Tulum/Romper: H&M, Ayakkabı/Shoes: Steve Madden, Çanta / Bag : Hotiç
Merak etmeyin ani bir kararla Hırvatistan'a yerleşmedim canlar, sadece döndüğümden beri yeni post yapacak vakti bulamadım. Bir dahaki ne giydim postumda arka fonda Adriyatik olacak dedim; yaptım, oldu :) Dubrovnik Hırvatistan'ın Adriyatik kıyısında, orta çağdan kalma eserleriyle ünlü minicik ve çok şirin bir şehir, hem doğal hem tarihi dokusu insanı müthiş etkiliyor. 1991'de Yugoslavya'dana ayrılma sırasında çıkan iç savaşta Sırp saldırıları şehrin tarihi eserlerini tahrip etmiş, UNESCO'nun başlattığı yenileme çalışmaları 2005'te şehri tekrar eski görünümüne kavuşturmuş. Dubrovnik, eski adıyla Ragusa Cumhuriyeti, 443 yıl Osmanlı himayesindeymiş, ancak Osmanlı buradan sadece vergi almış, bu yüzden şehirde Osmanlı izlerine, camilere, Türk mimarisine rastlamıyorsunuz. Bu kadar ansiklopedik bilgi yeter diyorsanız, kişisel izlenimlere geçelim. Şehrin en turistik bölgesi, surların arkasında kalan Old Town (Eski Şehir), yukarıda gördüğünüz fotoğraflar da oradan. Her köşede bir mimari harikası çeşme, kilise, katedral görüyorsunuz. Bu tarihi binlar arasında birbirinden şirin cafe, restaurant ve dükkanlar var. Mimari eserlerden daha güzel birşey varsa, o da insanlar; hem kadınlar, hem erkekler hem de çocuklar bu kadar mı güzel olur, insan kıskanıyor canım :) Bir restauranta oturuyorsunuz, önünüzden o incecik manken gibi kızlar geçince, lokmalar boğazınıza takılıyor, iştahınız kapanıyor. Tabi yemekler o kadar harika ki, bu iştah kapanıklığı en fazla 5 dakika sürüyor, masanıza aşağıda gördüğünüz pizza geliyor ve kalorisi aklınıza bile gelmeden silip süpüyorsunuz.

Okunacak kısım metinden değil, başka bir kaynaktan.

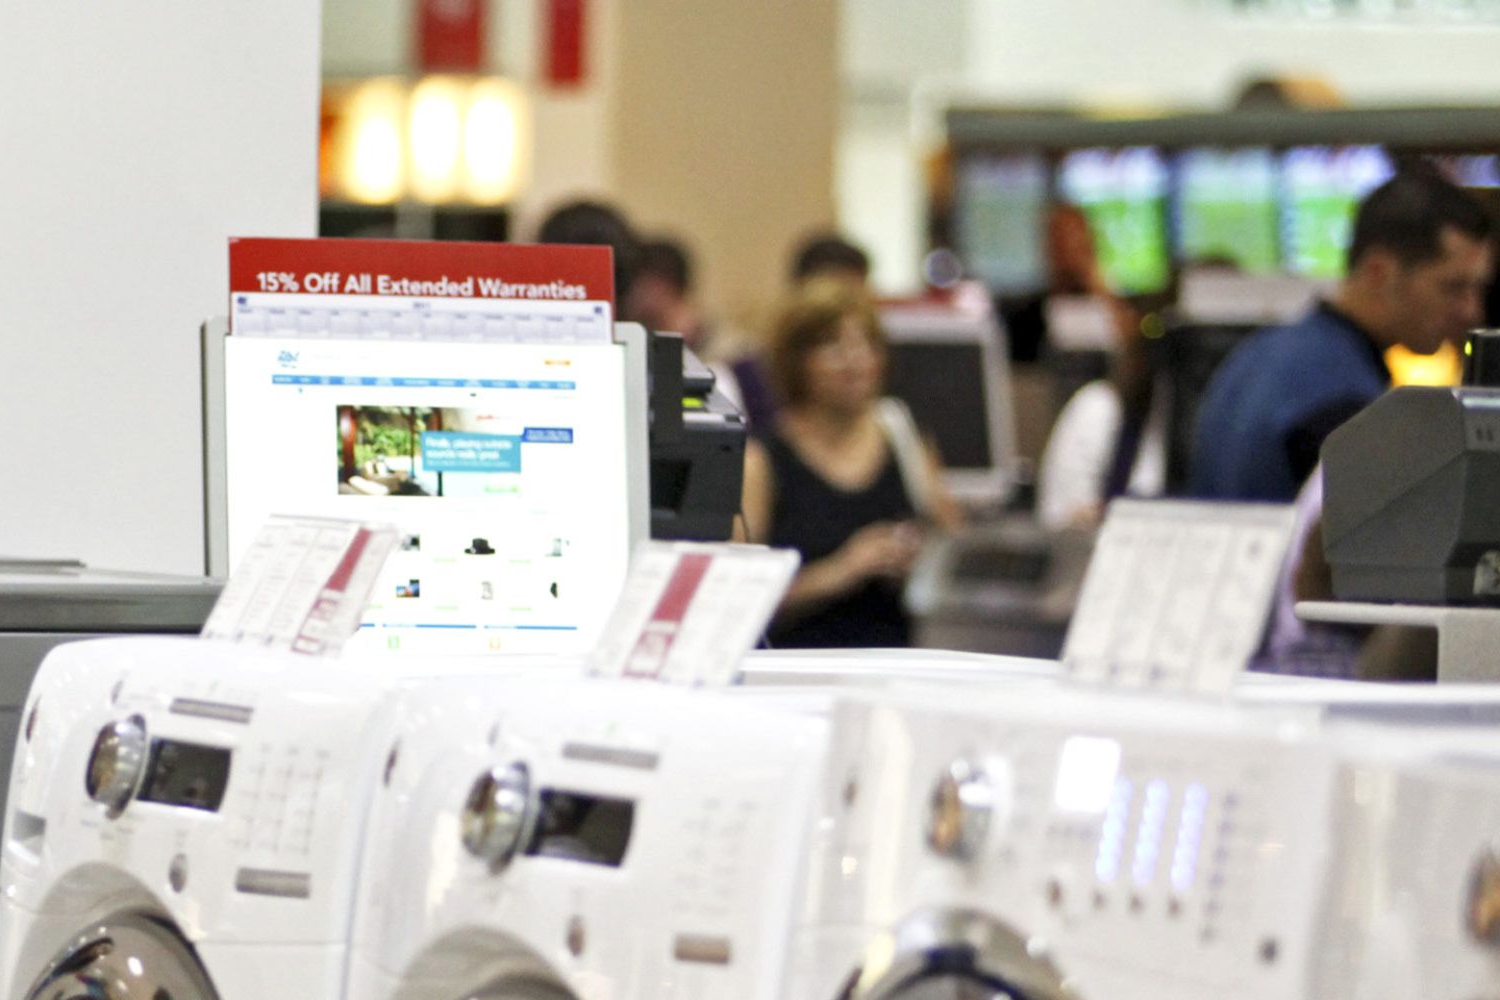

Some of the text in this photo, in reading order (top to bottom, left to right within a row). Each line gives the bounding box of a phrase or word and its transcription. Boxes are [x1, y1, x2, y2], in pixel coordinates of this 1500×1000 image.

[257, 272, 587, 300] 15% Off All Extended Warranties

Bu güzel pizzayı ilk akşam gittiğimiz Mea Culpa'da yedik, Dubrovnik'in en meşhur pizzacısıymış, şiddetle öneririm. Dubrovnik İtalyan mutfağında neredeyse İtalyanlar kadar başarılı. Diğer günler yediklerimizi de gün gün paylaşacağım, outfit postlarına ne yediğimi de ekleyeceğim, diyettekiler lütfen bana kızmasın. Bu gidişle gardrobumdaki hiçbir kıyafete sığamayıp " Ne giydim" değil "Ne giyemedim" postları yapacağım, benim bu iştahım nereye gidiyor belli değil.
Dubrovnik ile ilgili daha anlatacak çok şey var ama tüm malzemeyi de bir postta bitirmeyelim değil mi, arkası yarın diyerek Dubrovnik notlarına burada bir virgül koyuyorum, herkese sendromsuz Pazartesiler diliyorum :)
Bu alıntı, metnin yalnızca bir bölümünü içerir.